Sunday, July 14, 2019

Revelation: inside and out

Revelation is one of those books of the Bible that many Christian readers keep coming back to. Unlike, say, 1-2 Kings, which has a straightforward plot and little subtext, Revelation is hard to reduce to a single perspective. From modern readers, the added appeal of Revelation is that it's the most cinematic book of the Bible. 

To my knowledge, premils typically think Revelation has a linear plot (at least Rev 5-22) whereas modern-day amils typically think it has a cyclical plot, although the return of Christ breaks the cycle. But perhaps that's a false dichotomy. 

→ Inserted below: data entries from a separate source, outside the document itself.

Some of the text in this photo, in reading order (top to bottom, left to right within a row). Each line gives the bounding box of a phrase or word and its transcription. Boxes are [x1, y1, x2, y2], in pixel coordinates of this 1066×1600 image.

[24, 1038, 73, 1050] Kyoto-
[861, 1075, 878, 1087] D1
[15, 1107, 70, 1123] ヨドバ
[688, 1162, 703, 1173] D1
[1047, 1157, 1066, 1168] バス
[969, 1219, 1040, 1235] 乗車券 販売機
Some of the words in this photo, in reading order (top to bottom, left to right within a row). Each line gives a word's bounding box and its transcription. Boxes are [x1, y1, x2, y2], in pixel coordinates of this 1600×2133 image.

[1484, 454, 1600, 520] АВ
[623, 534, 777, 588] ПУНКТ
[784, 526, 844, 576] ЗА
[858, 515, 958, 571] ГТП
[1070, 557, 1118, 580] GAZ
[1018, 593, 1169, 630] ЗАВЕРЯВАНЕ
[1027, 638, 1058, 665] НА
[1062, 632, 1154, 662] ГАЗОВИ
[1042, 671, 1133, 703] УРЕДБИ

Consider a comparison. A plot device in science fiction is the temporal loop. Here's an illustration of what I mean: a character wakes up in a bedroom. He glances at the clock. It shows the time and date. He gets dressed and goes outside. Nothing feels unusual. During the course of the day he witnesses a cycling accident, notices a pretty jogger, and sees a customer spill coffee at the cafe. He goes to bed, wakes up in the same bedroom, glances at the clock. Everything repeats. Between the character falling asleep or waking up, the cycle resets. 

This happens several times without variation until he has an unshakable sense of déjà vu. Hasn't he seen all this before? Hasn't he done all this before? How long has this been happening? It can't be real. He must be stuck on some sort of illusion. 

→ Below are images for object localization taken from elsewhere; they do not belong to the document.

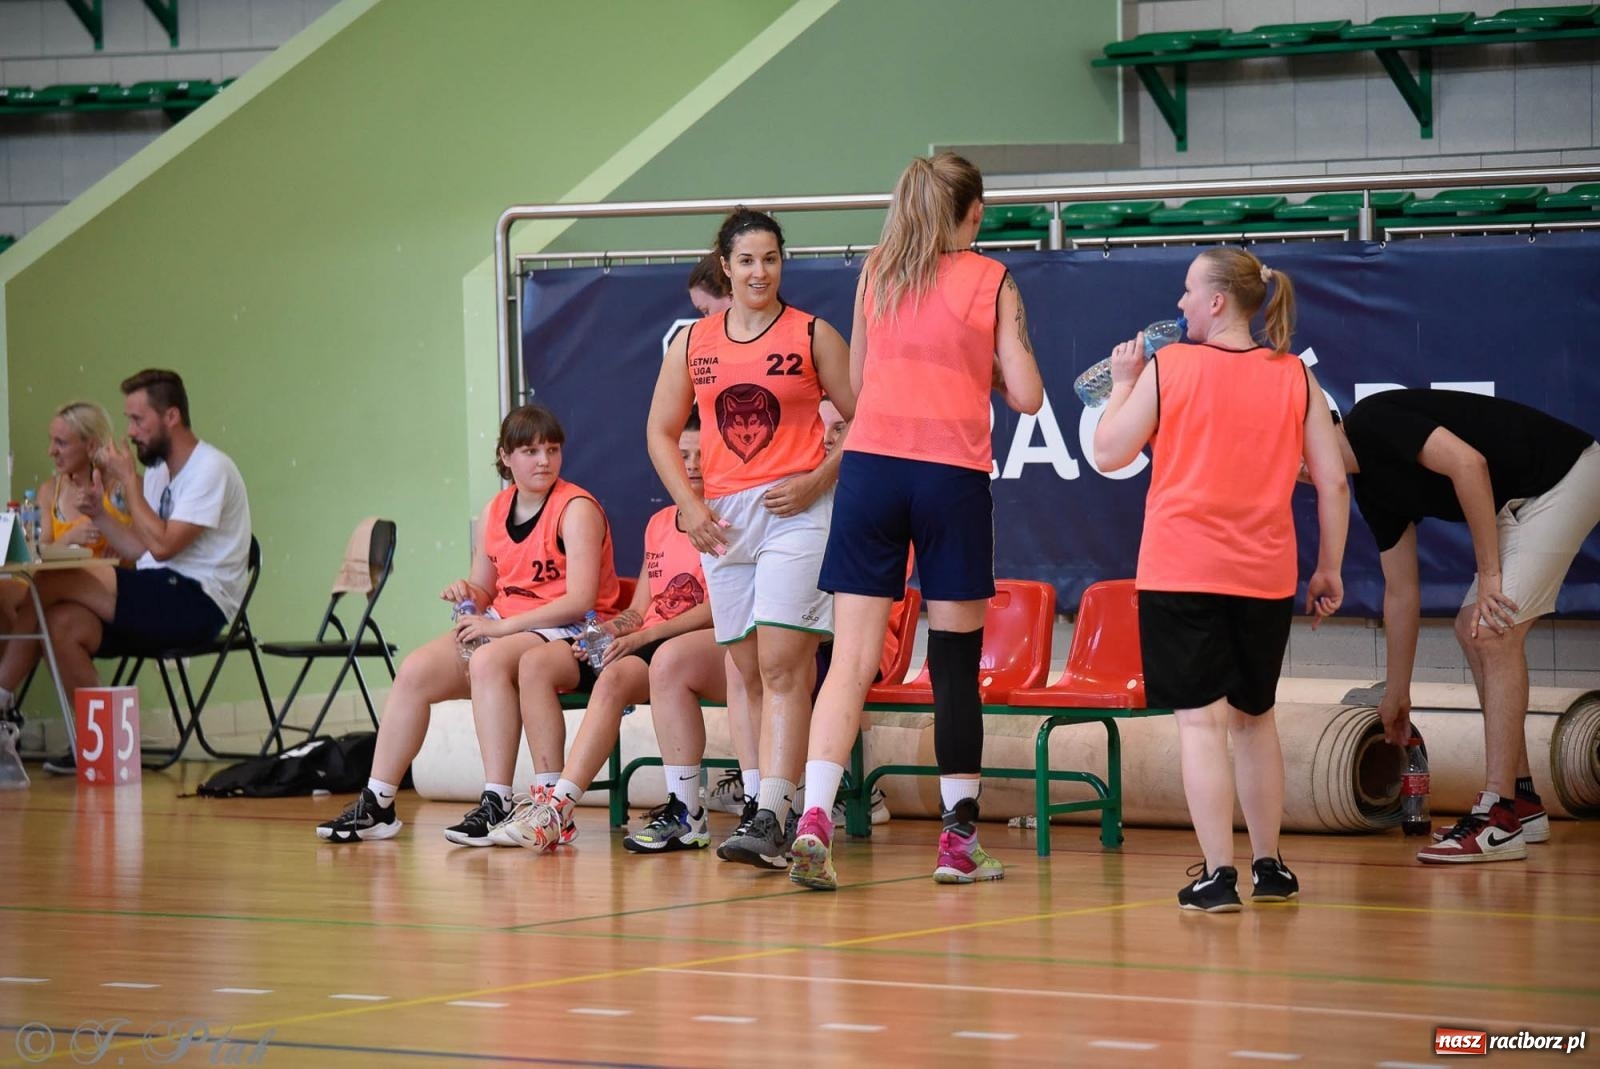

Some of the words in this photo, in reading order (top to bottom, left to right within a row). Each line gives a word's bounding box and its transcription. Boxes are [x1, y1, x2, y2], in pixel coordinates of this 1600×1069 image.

[694, 367, 711, 376] LIGA
[766, 353, 803, 376] 22
[532, 560, 561, 582] 25
[82, 699, 105, 762] 5
[117, 697, 134, 760] 5
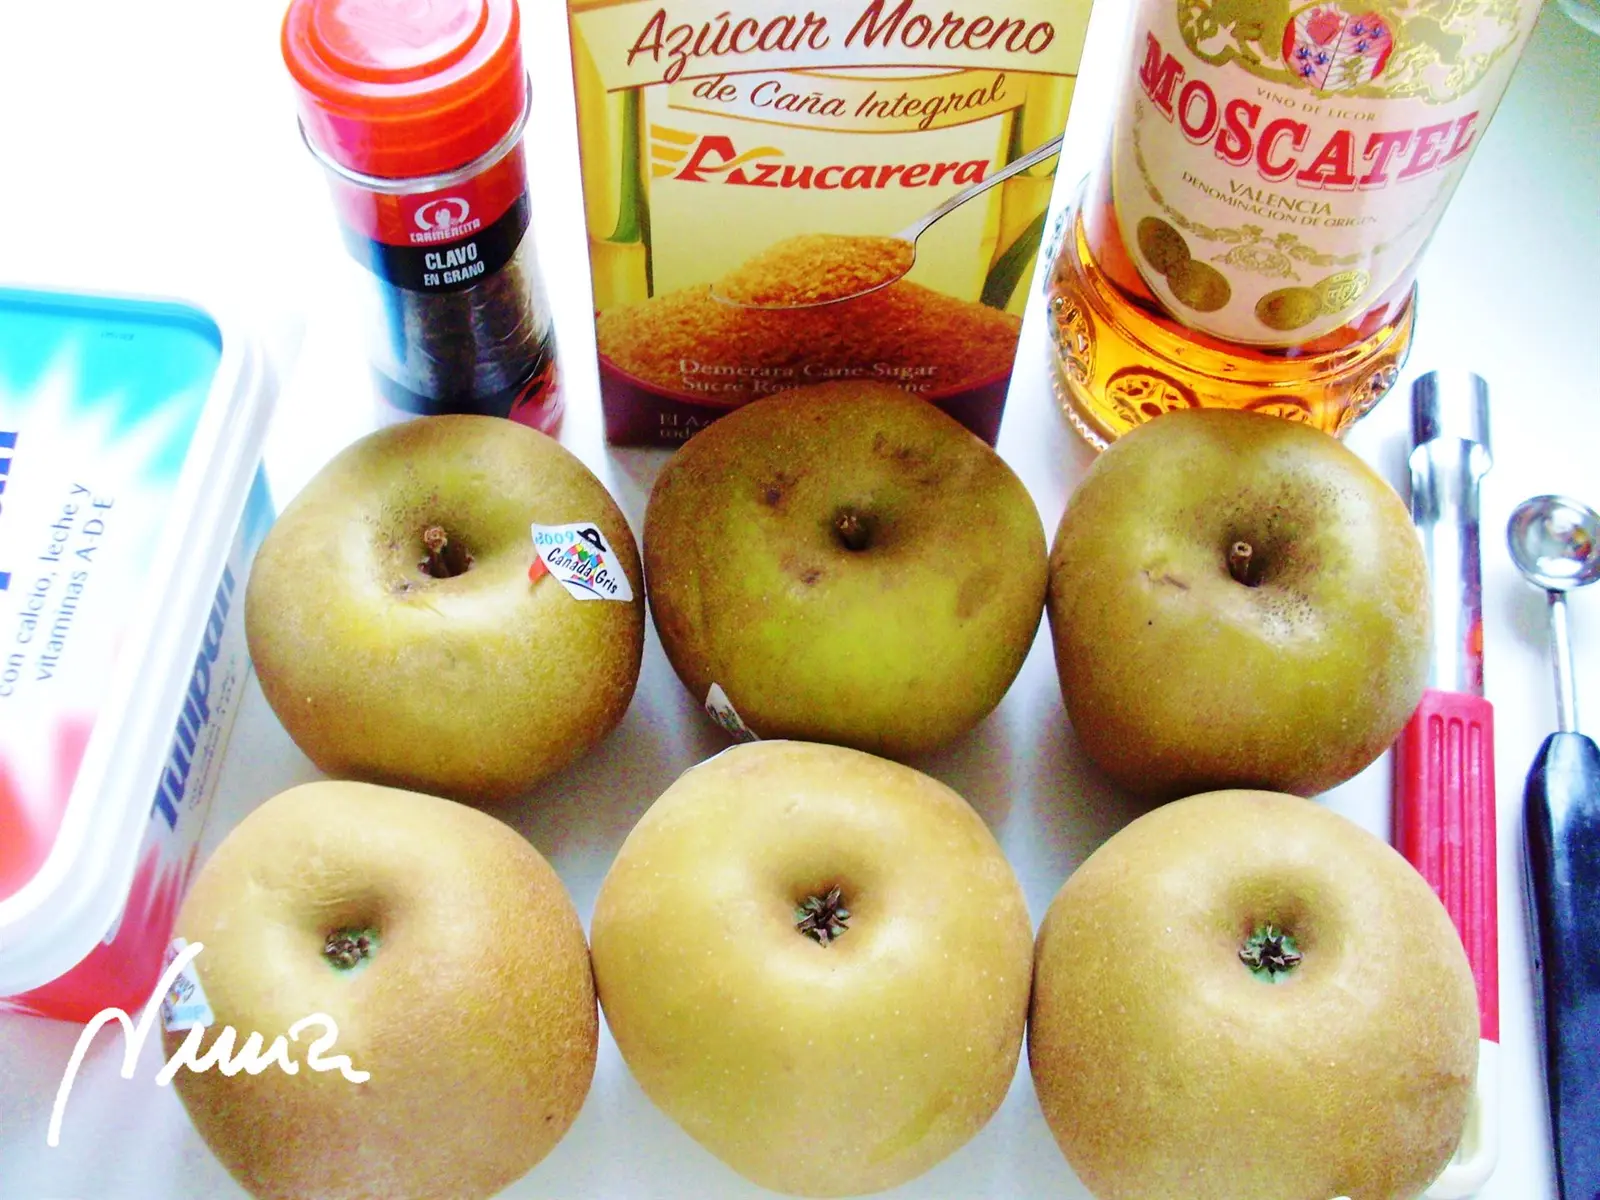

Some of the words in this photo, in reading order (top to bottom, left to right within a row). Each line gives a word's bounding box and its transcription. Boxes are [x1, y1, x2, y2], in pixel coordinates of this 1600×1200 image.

[626, 6, 829, 82] Azúcar
[844, 0, 1056, 55] Moreno
[692, 73, 738, 103] de
[750, 80, 846, 118] Caña
[854, 73, 1006, 130] Integral
[1138, 31, 1481, 193] MOSCATEL
[1257, 86, 1296, 109] VINO
[1301, 103, 1322, 116] DE
[1327, 107, 1378, 122] LICOR
[673, 135, 991, 189] Azucarera
[1228, 178, 1333, 216] VALENCIA
[1300, 215, 1323, 227] DE
[423, 272, 440, 287] EN
[443, 260, 486, 285] GRANO
[424, 242, 479, 271] CLAVO
[679, 358, 794, 377] Demerara
[803, 362, 865, 377] Cane
[870, 361, 939, 379] Sugar
[0, 651, 26, 698] con
[16, 571, 59, 644] calcio,
[38, 503, 80, 562] leche
[69, 482, 92, 499] y
[546, 547, 593, 578] Canada
[594, 569, 618, 594] Gris
[35, 570, 90, 682] vitaminas
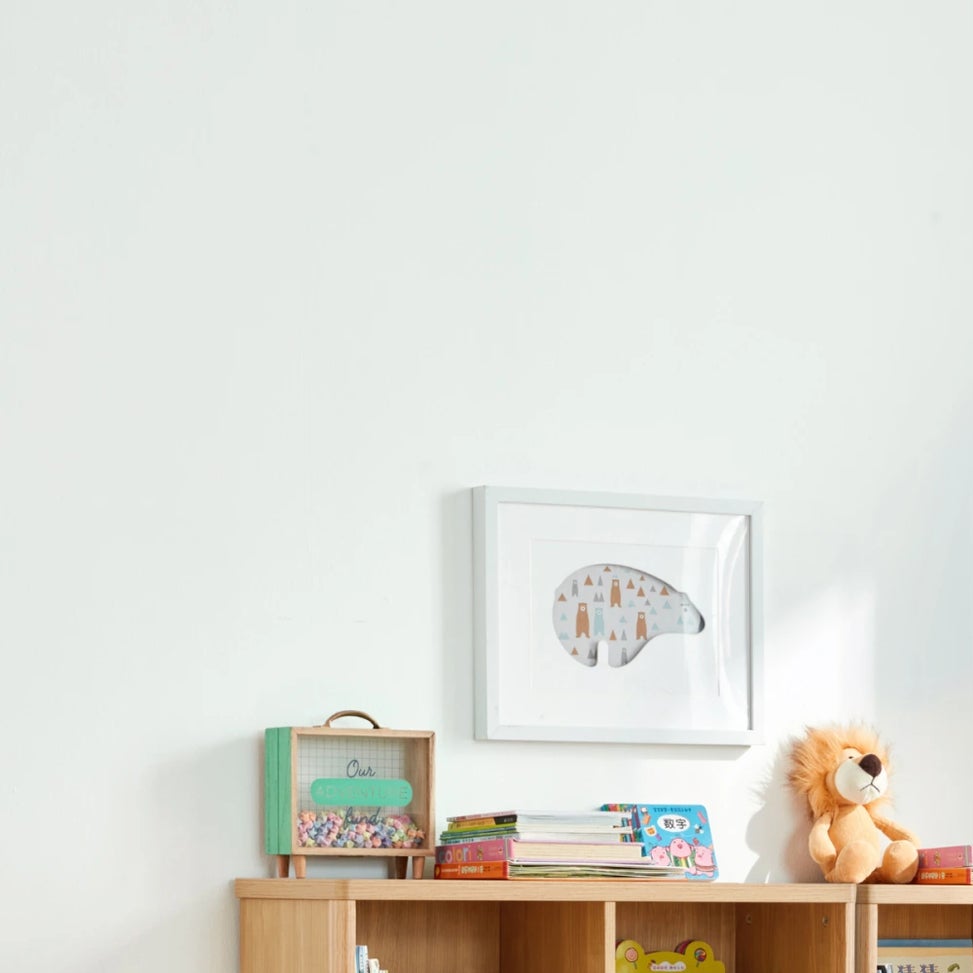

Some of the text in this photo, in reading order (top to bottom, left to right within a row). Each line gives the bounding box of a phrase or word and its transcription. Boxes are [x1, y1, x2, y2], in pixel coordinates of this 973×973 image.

This time, when he wakes up, he tries to change a variable, hoping that will break the cycle. He intervenes to prevent the cycling accident. When he wakes up, it's the same date. So he changes a different variable. He intervenes to prevent the coffee from spilling. He takes sleeping pills to oversleep or sets the alarm clock to wake up in the middle of the night. 

He hopes, through dumb luck, to change the key variable, like flipping a switch. Finally he wakes up, glances at the clock, and it's a day later. Or he wakes up in different bedroom. He made his escape. He's back to reality. 

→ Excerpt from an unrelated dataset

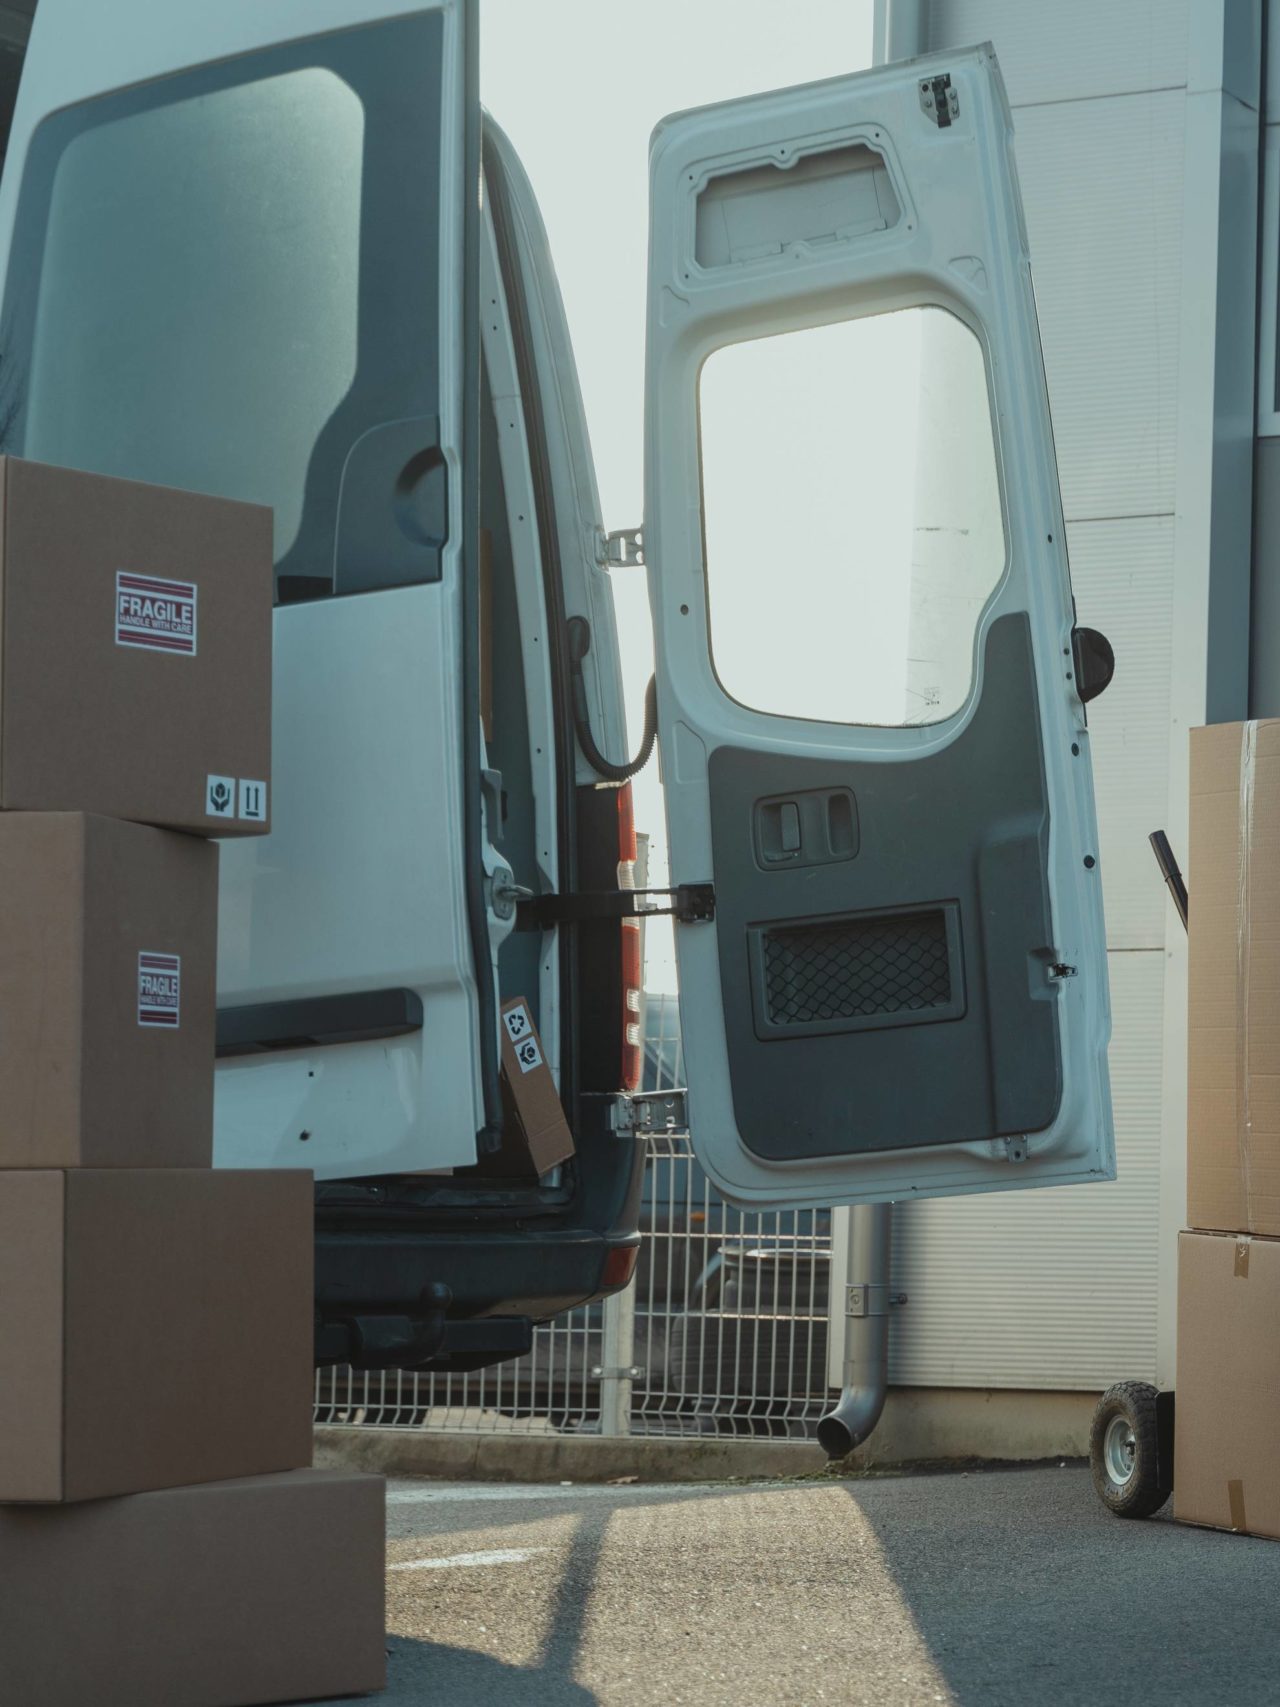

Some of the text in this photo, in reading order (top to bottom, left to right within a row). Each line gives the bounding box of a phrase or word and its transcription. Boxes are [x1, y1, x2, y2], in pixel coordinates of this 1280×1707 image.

[120, 595, 192, 624] FRAGILE
[120, 615, 192, 633] HANDLE WITH CARE
[140, 975, 177, 996] FRAGILE

Is the plot linear or cyclical? Depends on the standpoint of the observer. From the viewpoint of the character, inside the temporal loop, the experience is cyclical. The action keeps returning to where it began. In a sense, it has no beginning or ending, like a Möbius strip–constantly folding back on itself. 

But suppose this is a movie. From the standpoint of the movie viewer, outside the temporal loop, the experience is linear. The movie viewer doesn't experience a day repeating itself. Rather, he watches a character experience a day repeating itself. 

In that respect, Revelation operates at two different levels. There's the internal standpoint of John. His experience is immersive. He is drawn into the world of the vision, as if he's there. 

By contrast, there's the external standpoint of the reader. He is reading the description of John's experience from outside the world of the vision, as an outside observer. His experience is characterized by linearity, as he reads one scene after another in literary succession. The reader isn't like a character who wakes up on the same day, over and over again. Rather, it's like watching a character wake up on the same day, over and over again. 

However, it would be possible for a reader, using his own imagination in addition to John's imagination, to see the action through the eyes of the narrator. Projecting himself into the world of the vision, using John's description as a conduit. Making an effort to visualize the picturesque descriptions as if the reader was standing there, seeing it for himself. That takes more effort, but it's a rewarding exercise. 

So Revelation may exhibit linearity and periodicity alike, depending on whether we adopt a standpoint inside the visionary world or outside the visionary world. These are two different reading strategies. 

Likewise, if you were a moviemaker, filming Revelation, you'd have to choose which standpoint to display. Cinematically, I'd opt for the immersive standpoint. 

And, to complete the parallel, there's a sense in which John exits the loop when Jesus returns–in the vision. The return of Christ breaks the cycle. 

In addition, there's a certain parallel with the Fourth Gospel, anchored in the dual consciousness of Christ. At a human level, Jesus experiences time from within the standpoint of 1C earthbound observer. He processes time as present, moment by moment.

Yet he also says things to indicate that he's conscious of the past, of OT history. Not remembering, as if he was there–although that would be impressive enough. But as if he is there (at least at the level of consciousness). Equally conscious of all times. In addition, he says things things to indicate that he's ever-conscious of his eternal state. From that standpoint, he's outside any particular time or place, and ultimately beyond time and space entirely. 

Moreover, the narrator says things about Jesus that reinforce the same shifting perspectives. A timebound consciousness side-by-side a consciousness that transcends time. An awareness that's simultaneous with all times and ultimately outside of time.